======== RECORDS TO PROCESS ========
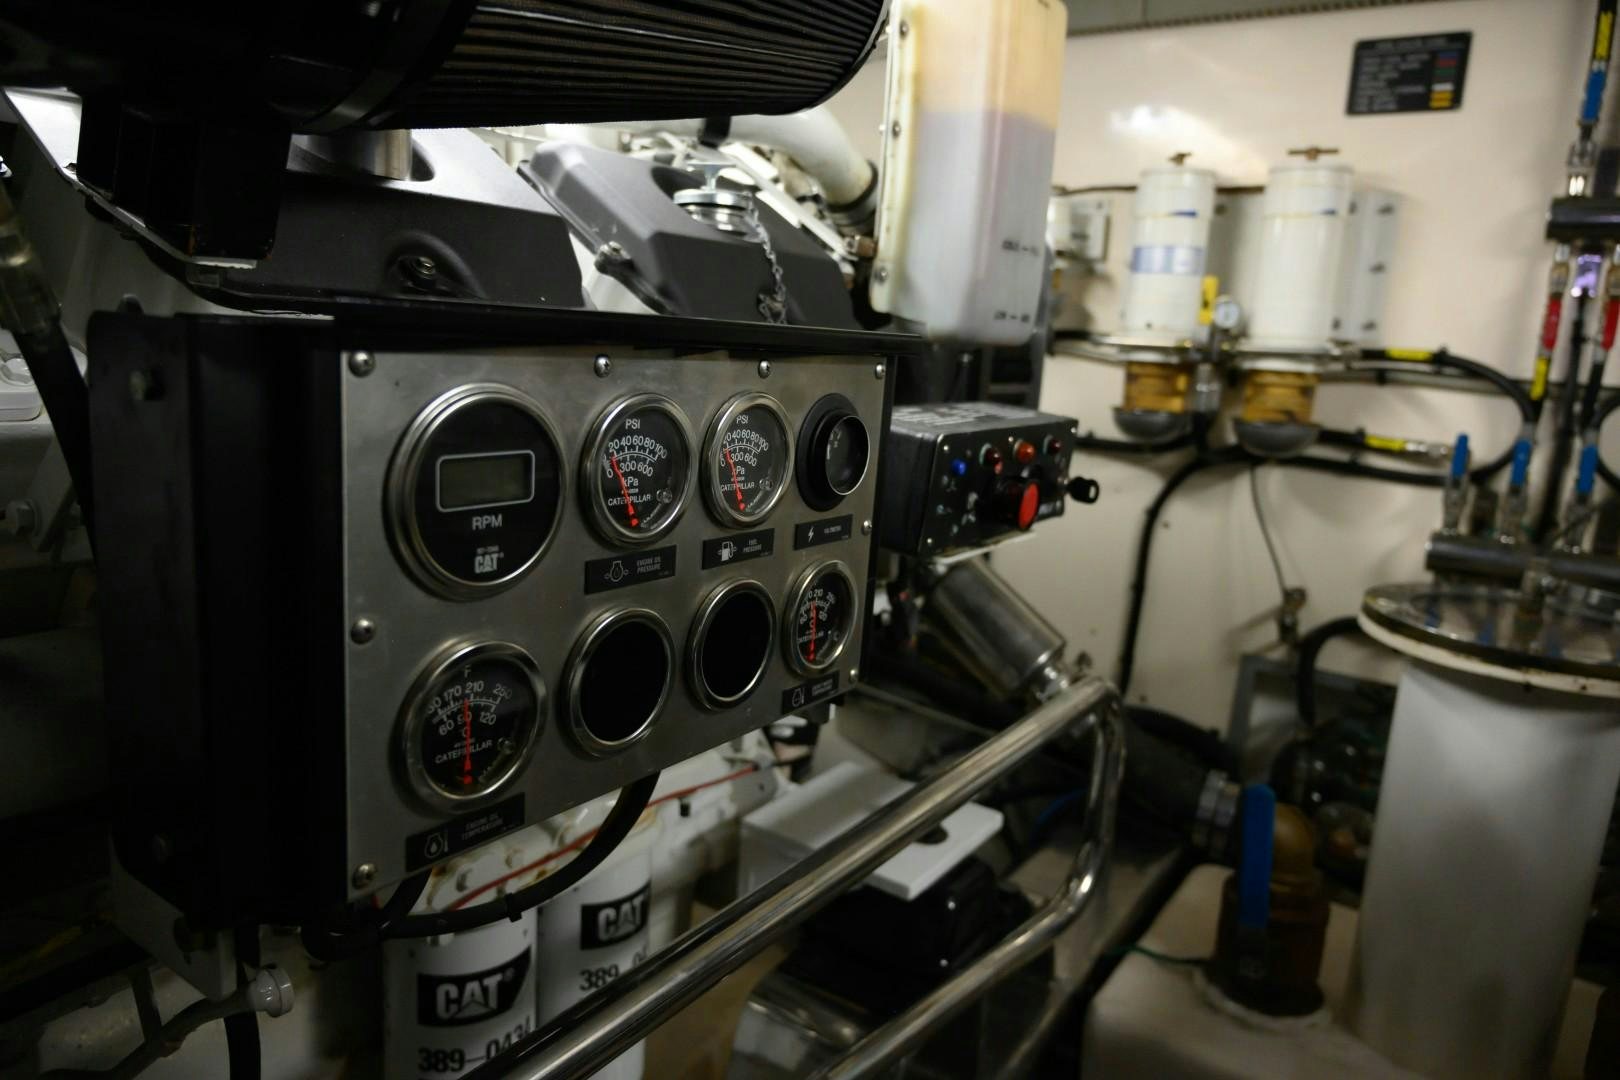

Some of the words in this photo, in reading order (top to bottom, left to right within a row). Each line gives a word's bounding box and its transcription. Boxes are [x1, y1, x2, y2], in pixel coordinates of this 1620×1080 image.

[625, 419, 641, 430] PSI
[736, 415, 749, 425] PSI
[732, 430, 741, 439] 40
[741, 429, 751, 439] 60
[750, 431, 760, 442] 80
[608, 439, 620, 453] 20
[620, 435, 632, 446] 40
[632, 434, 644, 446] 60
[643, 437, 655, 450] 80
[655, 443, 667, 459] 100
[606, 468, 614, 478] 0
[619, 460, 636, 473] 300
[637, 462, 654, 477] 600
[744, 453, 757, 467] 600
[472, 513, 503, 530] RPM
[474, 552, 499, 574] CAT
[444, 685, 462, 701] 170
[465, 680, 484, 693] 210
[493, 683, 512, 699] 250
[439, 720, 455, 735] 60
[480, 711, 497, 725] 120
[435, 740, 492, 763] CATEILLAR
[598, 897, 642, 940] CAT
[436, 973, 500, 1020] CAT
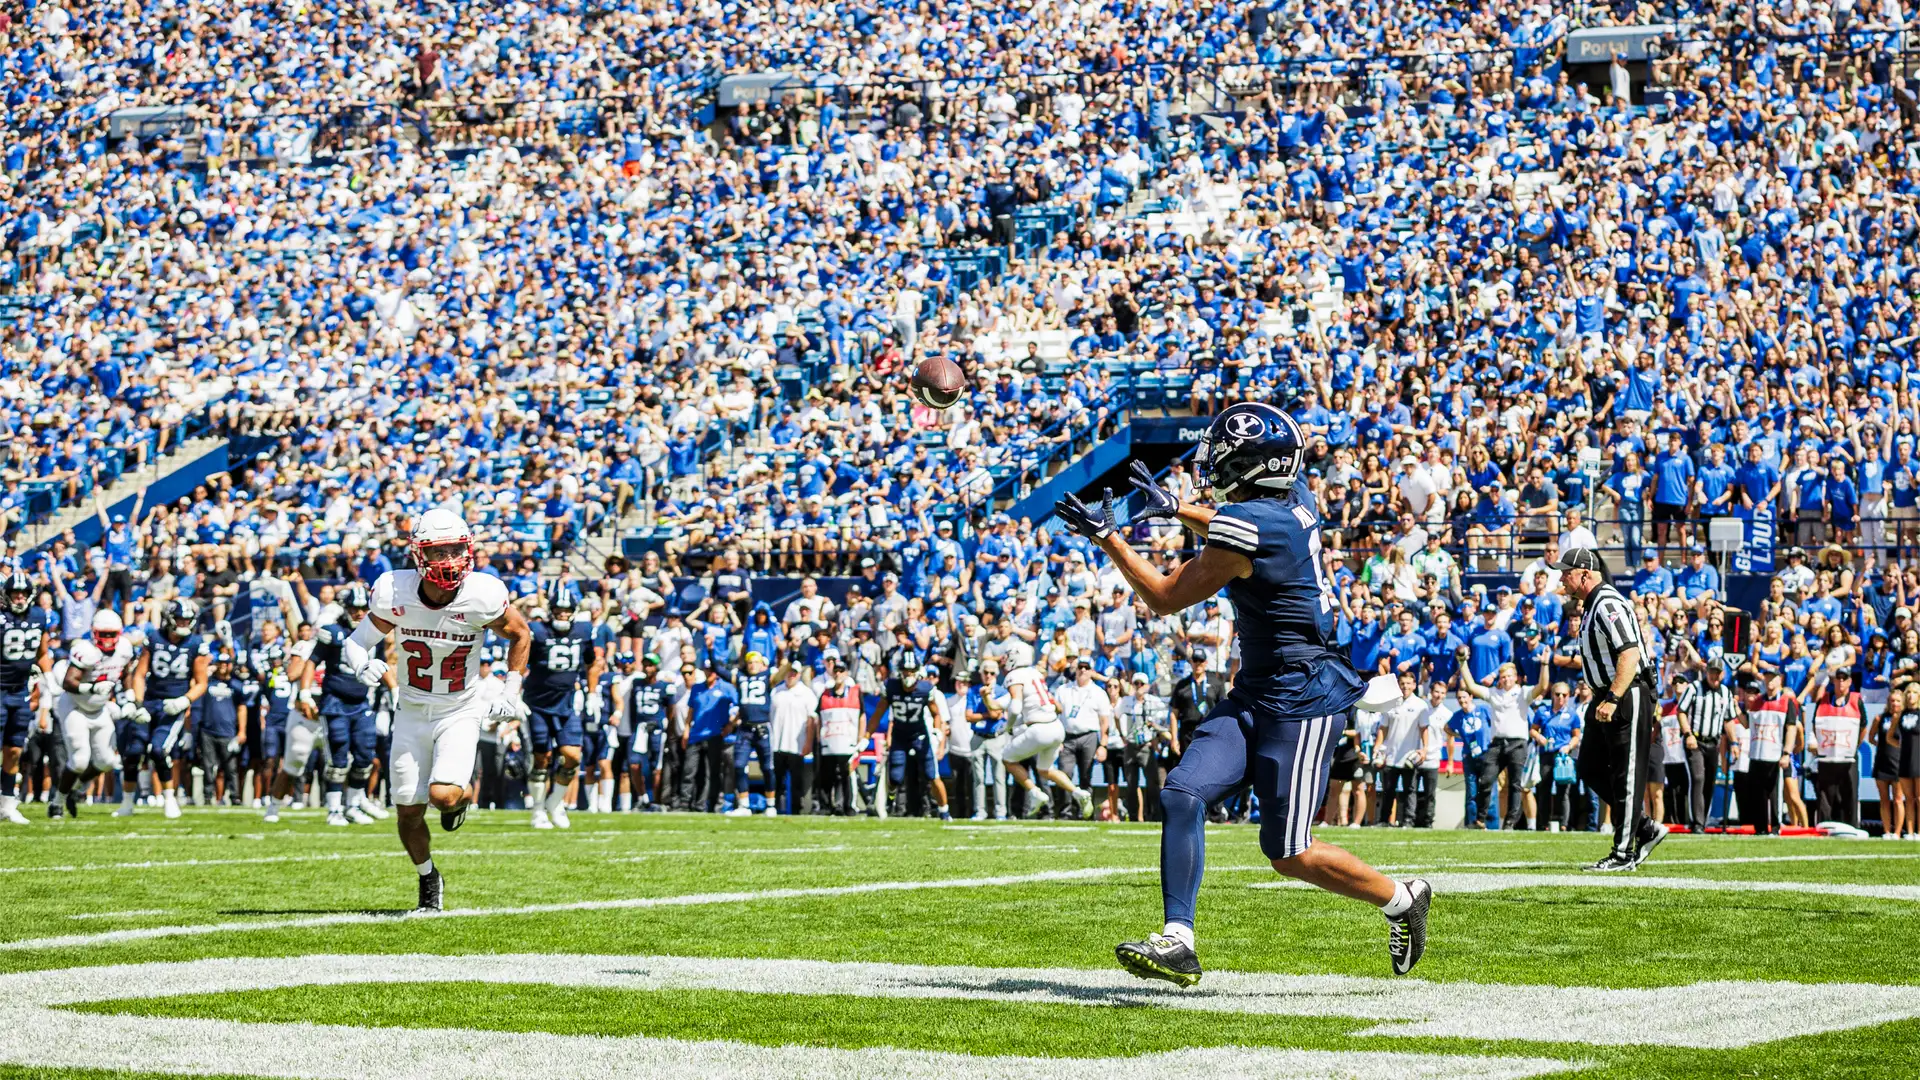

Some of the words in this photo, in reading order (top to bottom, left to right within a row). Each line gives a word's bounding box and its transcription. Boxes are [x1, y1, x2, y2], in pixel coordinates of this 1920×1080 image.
========
◆ TASK DESCRIPTION
Set down the entries shown above once more, exactly as they read, but without pictures.

◆ WRITTEN REPLY
Some of the words in this photo, in reading order (top to bottom, left to right within a row). Each line gives a word's bounding box and its transcription. Boxes are [x1, y1, x2, y2], in pixel coordinates of this 1620×1080 image.

[625, 419, 641, 430] PSI
[736, 415, 749, 425] PSI
[732, 430, 741, 439] 40
[741, 429, 751, 439] 60
[750, 431, 760, 442] 80
[608, 439, 620, 453] 20
[620, 435, 632, 446] 40
[632, 434, 644, 446] 60
[643, 437, 655, 450] 80
[655, 443, 667, 459] 100
[606, 468, 614, 478] 0
[619, 460, 636, 473] 300
[637, 462, 654, 477] 600
[744, 453, 757, 467] 600
[472, 513, 503, 530] RPM
[474, 552, 499, 574] CAT
[444, 685, 462, 701] 170
[465, 680, 484, 693] 210
[493, 683, 512, 699] 250
[439, 720, 455, 735] 60
[480, 711, 497, 725] 120
[435, 740, 492, 763] CATEILLAR
[598, 897, 642, 940] CAT
[436, 973, 500, 1020] CAT

Some of the words in this photo, in reading order (top to bottom, left to right within a row). Each line gives a word's bounding box and its transcription. Boxes are [x1, y1, x2, y2], in pixel coordinates of this 1920×1080 image.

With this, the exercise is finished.